Records supplied
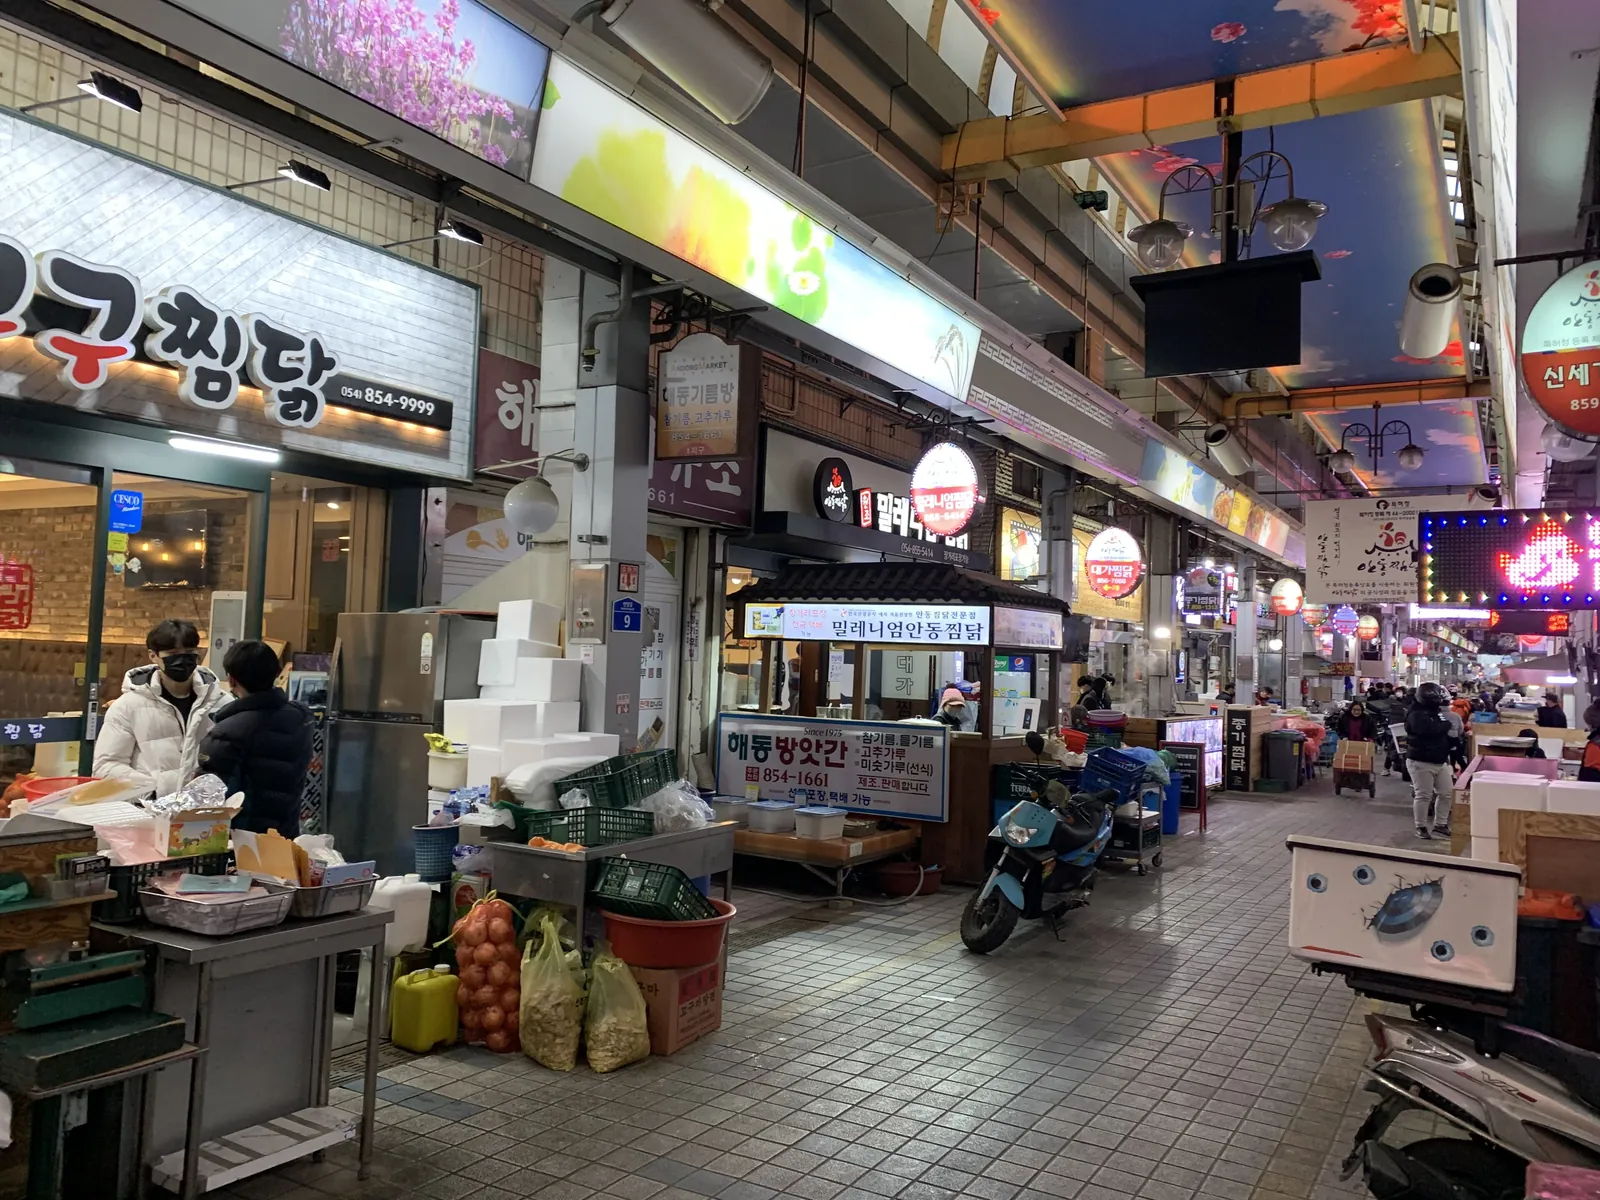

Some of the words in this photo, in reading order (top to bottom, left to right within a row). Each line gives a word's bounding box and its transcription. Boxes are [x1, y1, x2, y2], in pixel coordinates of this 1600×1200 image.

[1543, 362, 1600, 390] 신세
[340, 384, 362, 400] (054)
[364, 387, 436, 416] 854-9999
[113, 494, 140, 506] CESCO
[1091, 564, 1134, 578] 대가찜닭
[623, 614, 631, 629] 9
[915, 610, 977, 620] 안동찜닭전문점
[832, 620, 985, 642] 밀레니엄안동찜닭
[825, 728, 843, 738] 1975
[862, 731, 934, 748] 참기름.들기름
[727, 731, 848, 769] 해동방앗간
[860, 746, 906, 761] 고추가루
[1231, 718, 1247, 772] 종가찜닭
[860, 760, 934, 777] 미숫가루(선식)
[763, 768, 829, 787] 854-1661
[1010, 782, 1032, 793] TERRA
[788, 787, 848, 804] 선포장.택배
[851, 793, 871, 806] 가능
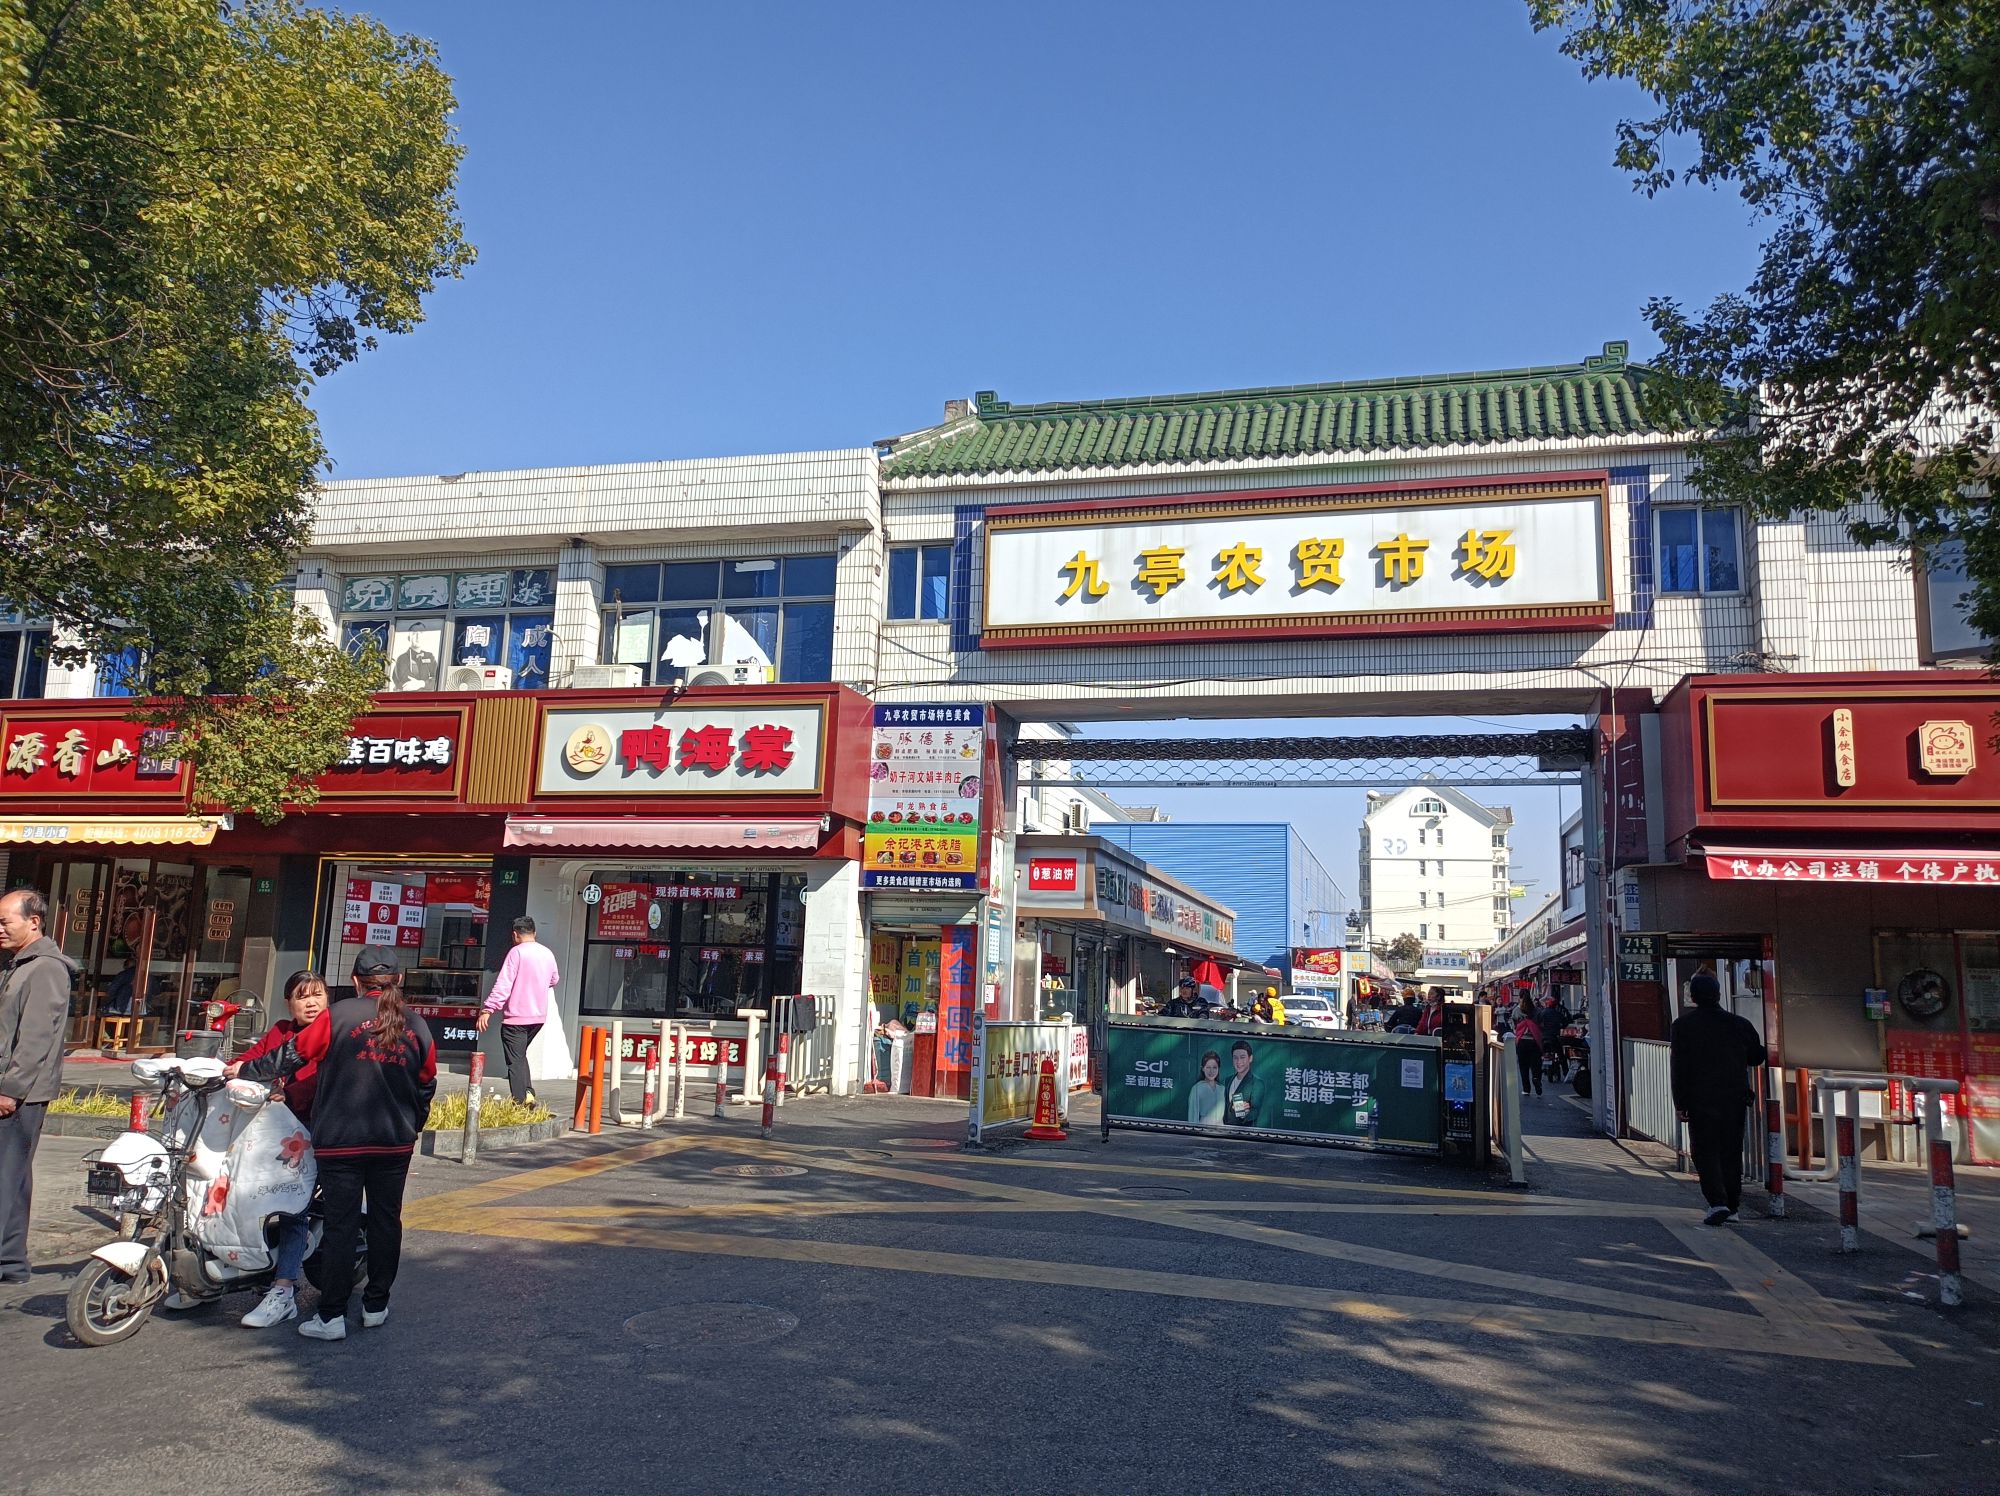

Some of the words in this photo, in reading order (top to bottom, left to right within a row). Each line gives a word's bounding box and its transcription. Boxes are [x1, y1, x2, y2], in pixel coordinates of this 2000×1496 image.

Aim of the task
Set down the data above word for word, leaving every picture out.

Solution to this task
Some of the words in this photo, in reading order (top to bottom, left to right within a row). Each line gives a word's bounding box and its transcription. Boxes are [x1, y1, x2, y2], in pixel coordinates of this 1600×1200 image.

[1543, 362, 1600, 390] 신세
[340, 384, 362, 400] (054)
[364, 387, 436, 416] 854-9999
[113, 494, 140, 506] CESCO
[1091, 564, 1134, 578] 대가찜닭
[623, 614, 631, 629] 9
[915, 610, 977, 620] 안동찜닭전문점
[832, 620, 985, 642] 밀레니엄안동찜닭
[825, 728, 843, 738] 1975
[862, 731, 934, 748] 참기름.들기름
[727, 731, 848, 769] 해동방앗간
[860, 746, 906, 761] 고추가루
[1231, 718, 1247, 772] 종가찜닭
[860, 760, 934, 777] 미숫가루(선식)
[763, 768, 829, 787] 854-1661
[1010, 782, 1032, 793] TERRA
[788, 787, 848, 804] 선포장.택배
[851, 793, 871, 806] 가능

Some of the words in this photo, in reading order (top to bottom, left to right within a row). Each line gives a word's bounding box and its transcription. Boxes are [x1, y1, x2, y2], in pixel coordinates of this 2000×1496 image.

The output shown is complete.